Exercise ->
Exact reproduction of the listing is required. Pictures are not reproduced.

─── Data to examine ───

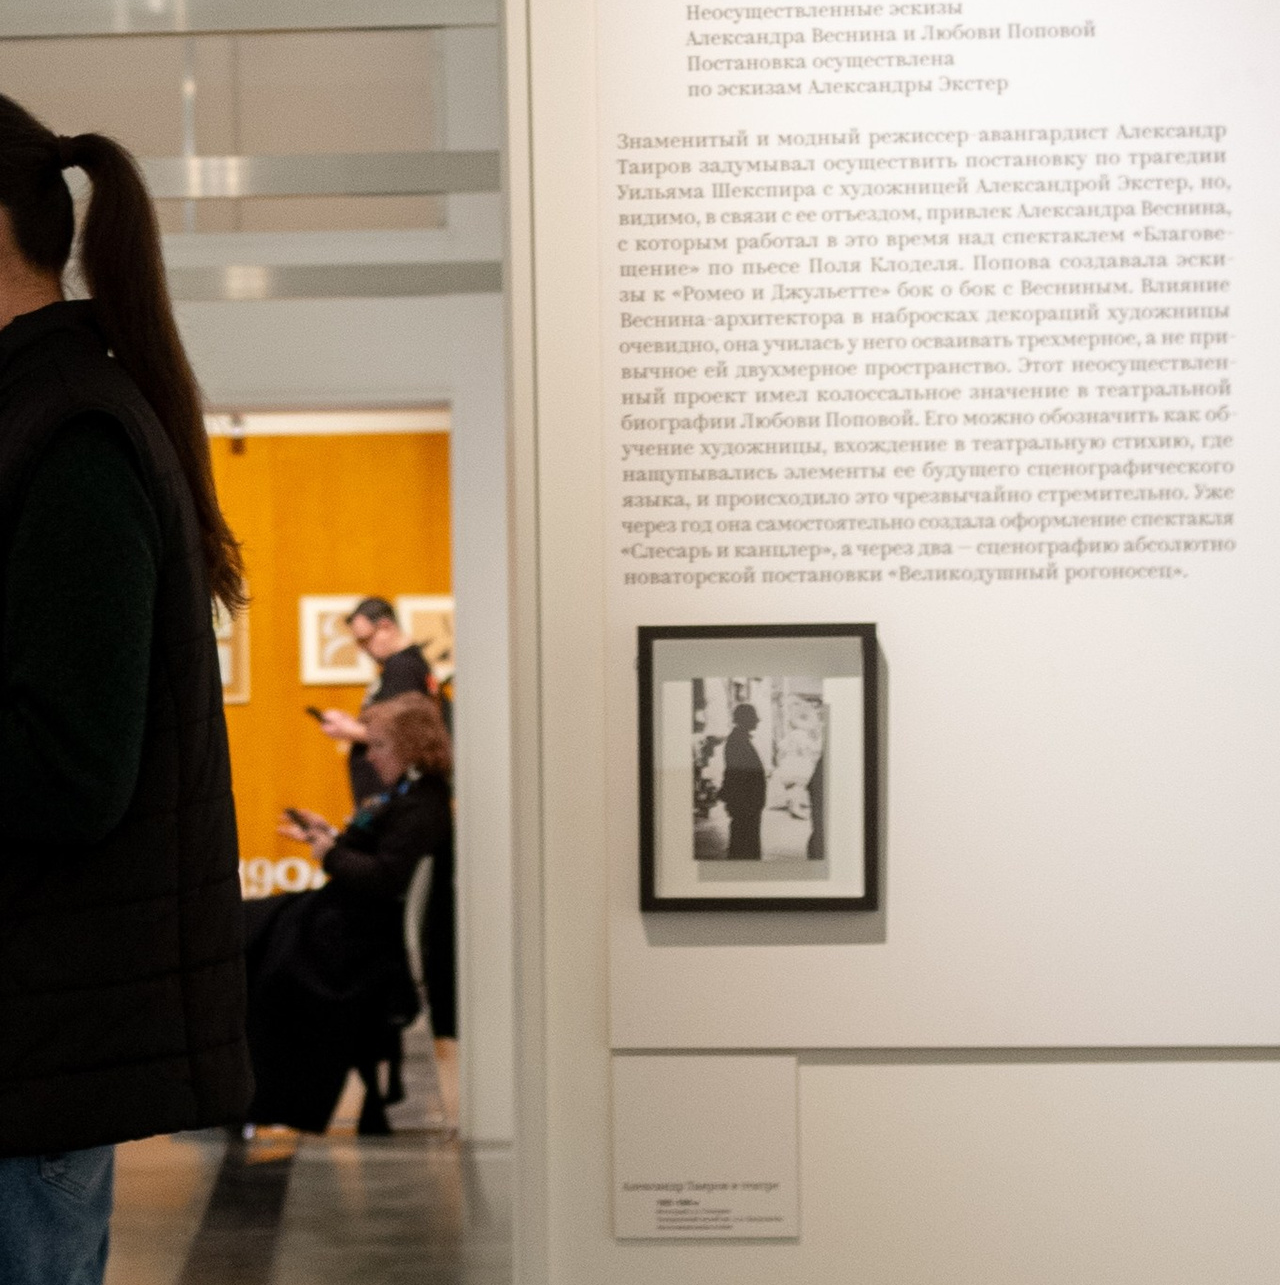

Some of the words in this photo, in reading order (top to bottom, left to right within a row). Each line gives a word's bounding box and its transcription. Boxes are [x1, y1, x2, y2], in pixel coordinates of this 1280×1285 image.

[686, 0, 883, 24] Неосуществленные
[889, 3, 962, 16] эскизы
[686, 27, 805, 50] Александра
[812, 24, 897, 43] Веснина
[903, 28, 916, 41] и
[921, 22, 1001, 40] Любови
[1008, 20, 1095, 38] Поповой
[687, 52, 807, 71] Постановка
[812, 54, 955, 73] осуществлена
[687, 84, 713, 97] по
[718, 83, 802, 96] эскизам
[809, 75, 932, 99] Александры
[940, 74, 1009, 96] Экстер
[617, 130, 749, 149] Знаменитый
[756, 133, 771, 146] и
[778, 128, 861, 149] модный
[1116, 121, 1227, 143] Александр
[617, 157, 692, 179] Таиров
[699, 159, 815, 177] задумывал
[823, 157, 957, 175] осуществить
[966, 154, 1086, 172] постановку
[1095, 152, 1122, 165] по
[1128, 151, 1226, 169] трагедии
[617, 182, 705, 200] Уильяма
[712, 180, 816, 203] Шекспира
[822, 183, 834, 196] с
[840, 177, 968, 200] художницей
[977, 174, 1110, 198] Александрой
[705, 211, 717, 224] в
[720, 211, 777, 224] связи
[780, 210, 792, 223] с
[795, 209, 818, 223] ее
[927, 207, 1012, 224] привлек
[1018, 200, 1136, 223] Александра
[616, 238, 629, 251] с
[635, 238, 728, 255] которым
[736, 231, 818, 253] работал
[826, 234, 839, 248] в
[844, 234, 879, 247] это
[886, 234, 949, 251] время
[957, 232, 995, 248] над
[1002, 231, 1124, 244] спектаклем
[620, 264, 699, 280] щение»
[707, 262, 735, 275] по
[742, 262, 800, 275] пьесе
[809, 256, 861, 273] Поля
[974, 253, 1051, 270] Попова
[1059, 256, 1168, 272] создавала
[618, 289, 646, 302] зы
[652, 289, 666, 302] к
[672, 284, 745, 301] «Ромео
[751, 287, 765, 300] и
[771, 281, 890, 304] Джульетте»
[896, 279, 934, 298] бок
[940, 284, 954, 297] о
[958, 278, 996, 297] бок
[1002, 283, 1014, 296] с
[1141, 275, 1230, 293] Влияние
[852, 311, 864, 324] в
[871, 305, 978, 328] набросках
[986, 303, 1099, 326] декораций
[1108, 306, 1230, 324] художницы
[722, 338, 760, 352] она
[763, 338, 844, 355] училась
[846, 337, 859, 354] у
[863, 337, 907, 350] него
[911, 335, 1013, 349] осваивать
[1144, 332, 1158, 345] а
[1160, 331, 1186, 345] не
[621, 366, 697, 379] вычное
[703, 360, 729, 378] ей
[735, 364, 857, 381] двухмерное
[1019, 355, 1064, 373] Этот
[621, 386, 666, 405] ный
[674, 391, 747, 408] проект
[755, 390, 808, 402] имел
[817, 388, 961, 401] колоссальное
[970, 386, 1069, 399] значение
[1076, 384, 1090, 398] в
[1096, 379, 1231, 401] театральной
[621, 412, 736, 434] биографии
[740, 410, 820, 428] Любови
[924, 407, 959, 426] Его
[963, 412, 1035, 425] можно
[1039, 405, 1159, 424] обозначить
[1163, 408, 1201, 422] как
[621, 443, 694, 461] учение
[834, 439, 947, 456] вхождение
[954, 438, 966, 452] в
[972, 437, 1106, 456] театральную
[1201, 434, 1234, 451] где
[623, 467, 778, 487] нащупывались
[785, 466, 886, 480] элементы
[892, 464, 916, 478] ее
[922, 458, 1020, 483] будущего
[1027, 456, 1235, 481] сценографического
[696, 494, 710, 507] и
[716, 493, 850, 511] происходило
[855, 491, 890, 505] это
[893, 486, 1032, 508] чрезвычайно
[1193, 481, 1235, 500] Уже
[622, 521, 677, 538] через
[680, 519, 713, 535] год
[715, 519, 753, 532] она
[756, 518, 915, 531] самостоятельно
[918, 517, 996, 532] создала
[1000, 510, 1127, 532] оформление
[1131, 513, 1234, 526] спектакля

───

Task response ->
Some of the words in this photo, in reading order (top to bottom, left to right within a row). Each line gives a word's bounding box and its transcription. Boxes are [x1, y1, x2, y2], in pixel coordinates of this 1280×1285 image.

[686, 0, 883, 24] Неосуществленные
[889, 3, 962, 16] эскизы
[686, 27, 805, 50] Александра
[812, 24, 897, 43] Веснина
[903, 28, 916, 41] и
[921, 22, 1001, 40] Любови
[1008, 20, 1095, 38] Поповой
[687, 52, 807, 71] Постановка
[812, 54, 955, 73] осуществлена
[687, 84, 713, 97] по
[718, 83, 802, 96] эскизам
[809, 75, 932, 99] Александры
[940, 74, 1009, 96] Экстер
[617, 130, 749, 149] Знаменитый
[756, 133, 771, 146] и
[778, 128, 861, 149] модный
[1116, 121, 1227, 143] Александр
[617, 157, 692, 179] Таиров
[699, 159, 815, 177] задумывал
[823, 157, 957, 175] осуществить
[966, 154, 1086, 172] постановку
[1095, 152, 1122, 165] по
[1128, 151, 1226, 169] трагедии
[617, 182, 705, 200] Уильяма
[712, 180, 816, 203] Шекспира
[822, 183, 834, 196] с
[840, 177, 968, 200] художницей
[977, 174, 1110, 198] Александрой
[705, 211, 717, 224] в
[720, 211, 777, 224] связи
[780, 210, 792, 223] с
[795, 209, 818, 223] ее
[927, 207, 1012, 224] привлек
[1018, 200, 1136, 223] Александра
[616, 238, 629, 251] с
[635, 238, 728, 255] которым
[736, 231, 818, 253] работал
[826, 234, 839, 248] в
[844, 234, 879, 247] это
[886, 234, 949, 251] время
[957, 232, 995, 248] над
[1002, 231, 1124, 244] спектаклем
[620, 264, 699, 280] щение»
[707, 262, 735, 275] по
[742, 262, 800, 275] пьесе
[809, 256, 861, 273] Поля
[974, 253, 1051, 270] Попова
[1059, 256, 1168, 272] создавала
[618, 289, 646, 302] зы
[652, 289, 666, 302] к
[672, 284, 745, 301] «Ромео
[751, 287, 765, 300] и
[771, 281, 890, 304] Джульетте»
[896, 279, 934, 298] бок
[940, 284, 954, 297] о
[958, 278, 996, 297] бок
[1002, 283, 1014, 296] с
[1141, 275, 1230, 293] Влияние
[852, 311, 864, 324] в
[871, 305, 978, 328] набросках
[986, 303, 1099, 326] декораций
[1108, 306, 1230, 324] художницы
[722, 338, 760, 352] она
[763, 338, 844, 355] училась
[846, 337, 859, 354] у
[863, 337, 907, 350] него
[911, 335, 1013, 349] осваивать
[1144, 332, 1158, 345] а
[1160, 331, 1186, 345] не
[621, 366, 697, 379] вычное
[703, 360, 729, 378] ей
[735, 364, 857, 381] двухмерное
[1019, 355, 1064, 373] Этот
[621, 386, 666, 405] ный
[674, 391, 747, 408] проект
[755, 390, 808, 402] имел
[817, 388, 961, 401] колоссальное
[970, 386, 1069, 399] значение
[1076, 384, 1090, 398] в
[1096, 379, 1231, 401] театральной
[621, 412, 736, 434] биографии
[740, 410, 820, 428] Любови
[924, 407, 959, 426] Его
[963, 412, 1035, 425] можно
[1039, 405, 1159, 424] обозначить
[1163, 408, 1201, 422] как
[621, 443, 694, 461] учение
[834, 439, 947, 456] вхождение
[954, 438, 966, 452] в
[972, 437, 1106, 456] театральную
[1201, 434, 1234, 451] где
[623, 467, 778, 487] нащупывались
[785, 466, 886, 480] элементы
[892, 464, 916, 478] ее
[922, 458, 1020, 483] будущего
[1027, 456, 1235, 481] сценографического
[696, 494, 710, 507] и
[716, 493, 850, 511] происходило
[855, 491, 890, 505] это
[893, 486, 1032, 508] чрезвычайно
[1193, 481, 1235, 500] Уже
[622, 521, 677, 538] через
[680, 519, 713, 535] год
[715, 519, 753, 532] она
[756, 518, 915, 531] самостоятельно
[918, 517, 996, 532] создала
[1000, 510, 1127, 532] оформление
[1131, 513, 1234, 526] спектакля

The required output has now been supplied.